Spatial localization data
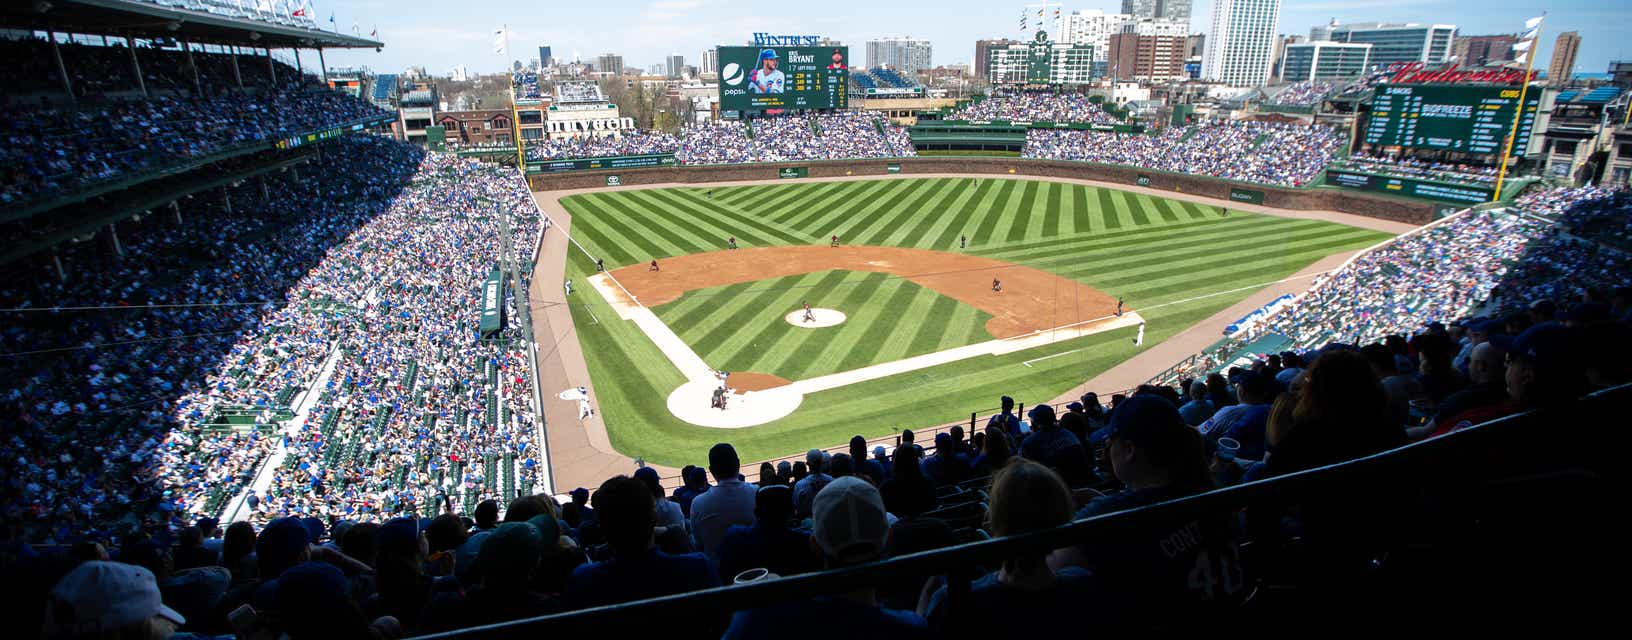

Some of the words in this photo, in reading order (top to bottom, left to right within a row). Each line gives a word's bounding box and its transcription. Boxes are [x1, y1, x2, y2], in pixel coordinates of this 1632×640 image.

[753, 32, 820, 46] WINTRUST
[788, 55, 815, 63] BRYANT
[1386, 62, 1539, 83] Budweiser
[1420, 104, 1473, 114] BIOFREEZE
[546, 117, 635, 132] nuveen

● **Task requirements**
For the entries above, return an exact copy that omits the images.

● **Solution to the exercise**
Some of the words in this photo, in reading order (top to bottom, left to right within a row). Each line gives a word's bounding box and its transcription. Boxes are [x1, y1, x2, y2], in pixel coordinates of this 1632×640 image.

[753, 32, 820, 46] WINTRUST
[788, 55, 815, 63] BRYANT
[1386, 62, 1539, 83] Budweiser
[1420, 104, 1473, 114] BIOFREEZE
[546, 117, 635, 132] nuveen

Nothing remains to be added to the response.